No Sul, Yu-mi estudou para obter um certificado de auxiliar de contabilidade e conseguiu emprego em uma escola. Seu irmão ingressou na faculdade, enquanto Yi-hyeok voltou a mergulhar com capacete para coletar frutos do mar.
“Meu irmão brincou dizendo que o equipamento de mergulho aqui era tão avançado que ele poderia dormir debaixo d’água se quisesse”, lembrou Il-hyeok.
A namorada de Il-hyeok deu à luz seu primeiro filho no Sul. O casal se casou em 2024 e logo depois teve outra filha. Il-hyeok está se adaptando à economia capitalista do Sul, trabalhando em empregos temporários em restaurantes e operando empilhadeiras e escavadeiras.
O mergulho na ruidosa democracia do Sul foi avassalador. As televisões ofereciam canais infinitos — tão diferente do Norte, onde só existiam transmissões governamentais. Em casa, a moto usada de Il-hyeok era um valioso símbolo de status; agora ele se via em rodovias congestionadas de carros modernos. As praças das cidades ecoavam com protestos.
A mãe de Yu-mi se maravilhou com as torneiras que forneciam água quente e fria. Em seu primeiro dia de trabalho em um asilo, ela hesitou quando os colegas pediram “guardanapos” — outra palavra em inglês que ela nunca tinha ouvido. A mãe dos irmãos ficou escandalizada com uma novela em que uma esposa dava um tapa no marido. E quando Il-hyeok se aventurou pela primeira vez fora de Seul, a capital da Coreia do Sul, ele ligou obedientemente para um detetive da polícia para pedir permissão. O detetive apenas riu.
E depois vieram as eleições.
No Norte, as pessoas faziam fila em trajes formais para receber uma cédula com apenas um nome. Depositavam seu voto na caixa do “sim” com as duas mãos e se curvavam profundamente diante dos retratos do pai e do avô de Kim Jong-un, que governaram antes dele. Ninguém ousava se aproximar da caixa do “não”. Quando Il-hyeok e sua esposa votaram em junho como cidadãos sul-coreanos, encontraram eleitores chegando de bermuda e chinelos, com fones de ouvido. A cédula era uma lista desconcertante de nomes.
No entanto, a Coreia do Sul não era um paraíso.
Após 19 meses no Sul, Yi-hyeok morreu em um acidente de mergulho no final de 2024. A mãe dos irmãos e esposa de Il-hyeok foram diagnosticadas com câncer.

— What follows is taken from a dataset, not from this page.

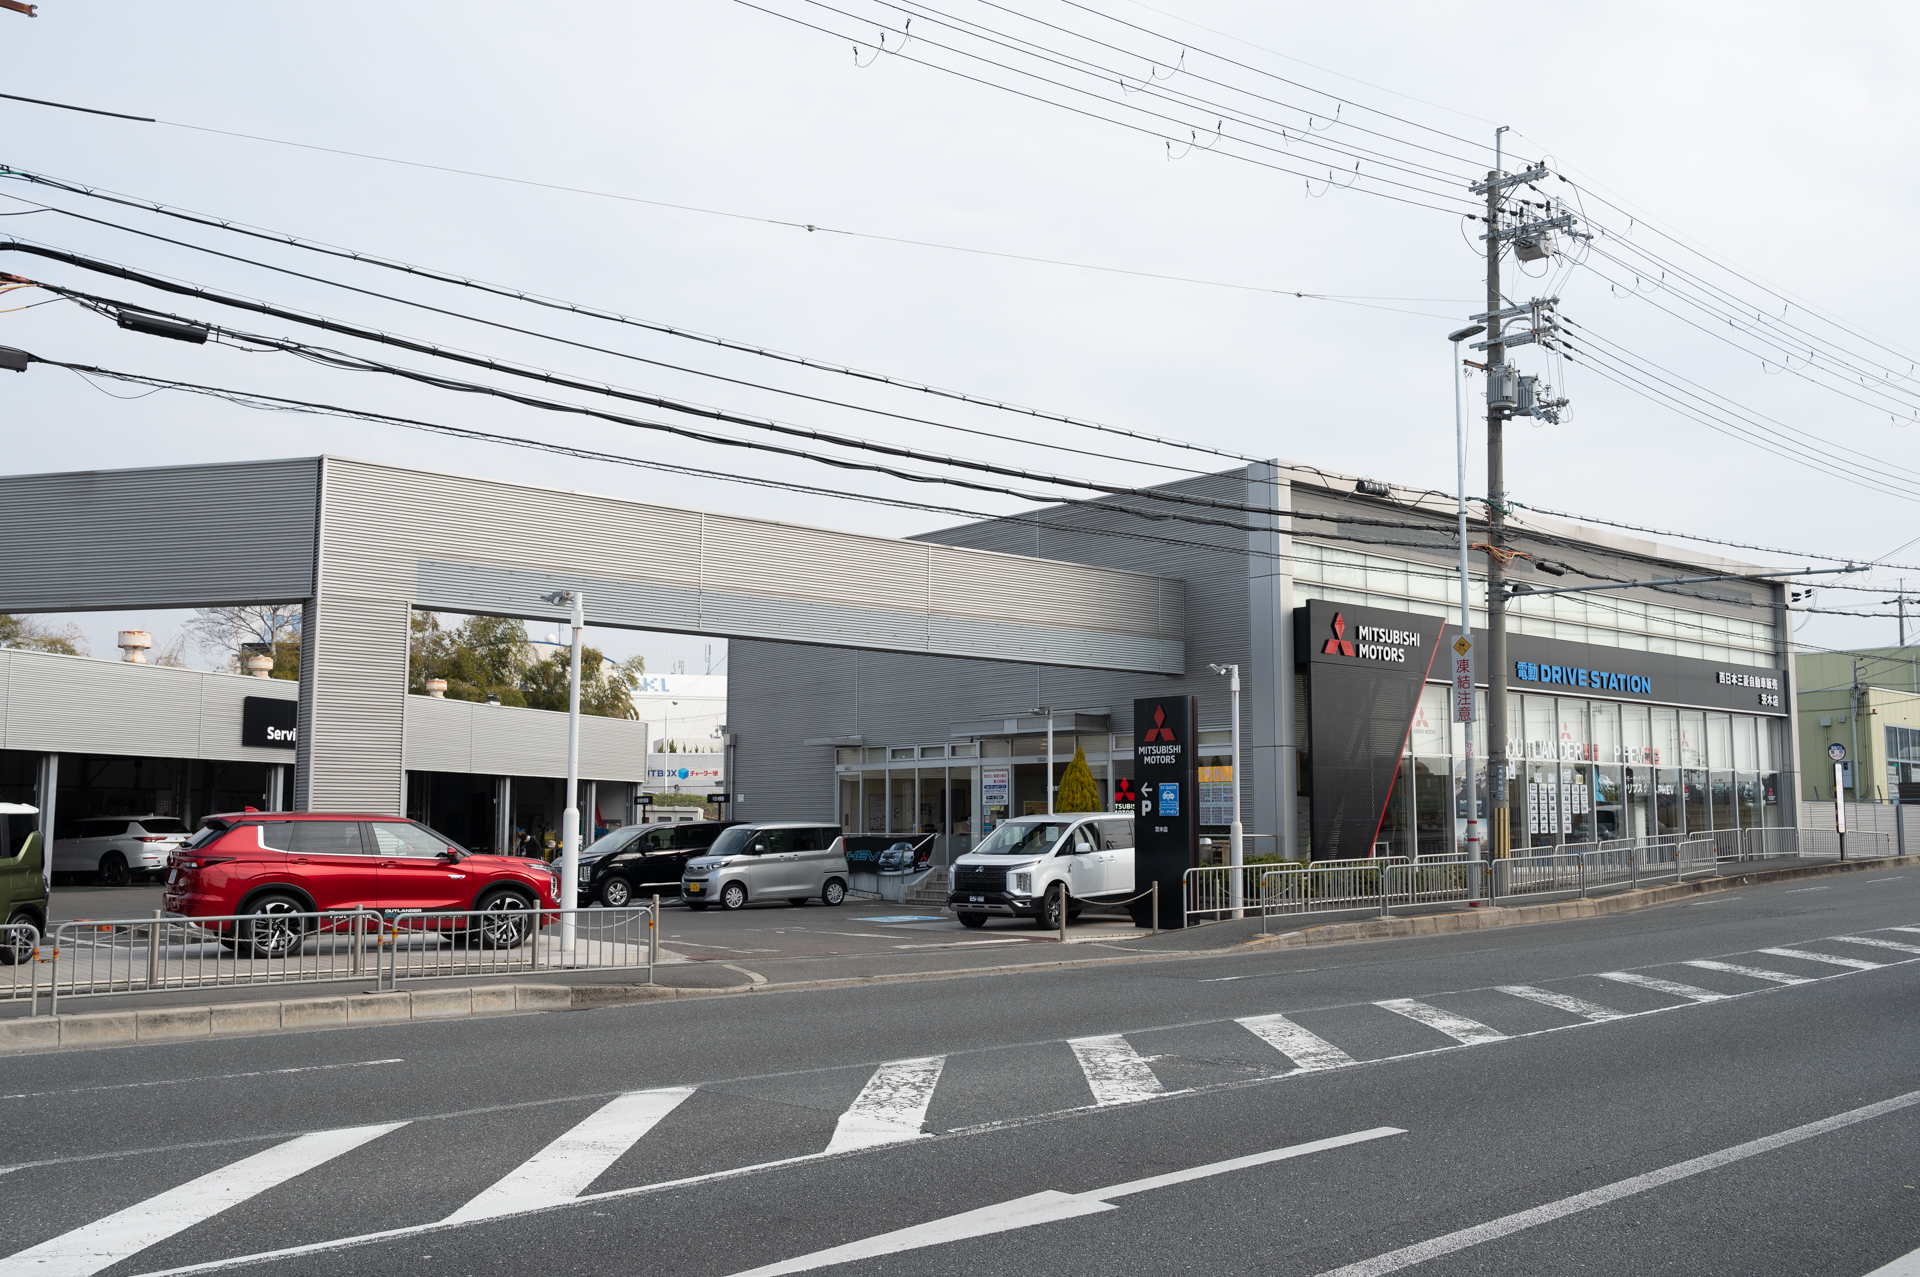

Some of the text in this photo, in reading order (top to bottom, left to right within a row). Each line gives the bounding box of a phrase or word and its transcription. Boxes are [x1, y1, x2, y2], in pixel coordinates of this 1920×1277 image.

Il-hyeok expressou sua frustração com os preços exorbitantes dos imóveis em Seul. Ele está economizando cada centavo para tirar sua família do apartamento alugado, apertado e subsidiado pelo governo. Mesmo assim, insistiu que a deserção foi “100%” a escolha certa.
Antes de morrer, Yi-hyeok apareceu na televisão, explicando que fugiu para poupar seus filhos da doutrinação das escolas norte-coreanas. Sua filha agora está na segunda série em uma escola sul-coreana e seu filho no jardim de infância. As crianças se adaptaram rapidamente às suas novas vidas, adotando logo pratos típicos da Coreia do Sul, como frango frito e pizza.
“Meu marido deu a mim e aos nossos filhos a liberdade que prometeu antes de morrer”, disse Yu-mi.
Os irmãos também honraram o último desejo do pai: quando o barco em que viajavam fugiu da Coreia do Norte, levaram consigo as suas cinzas.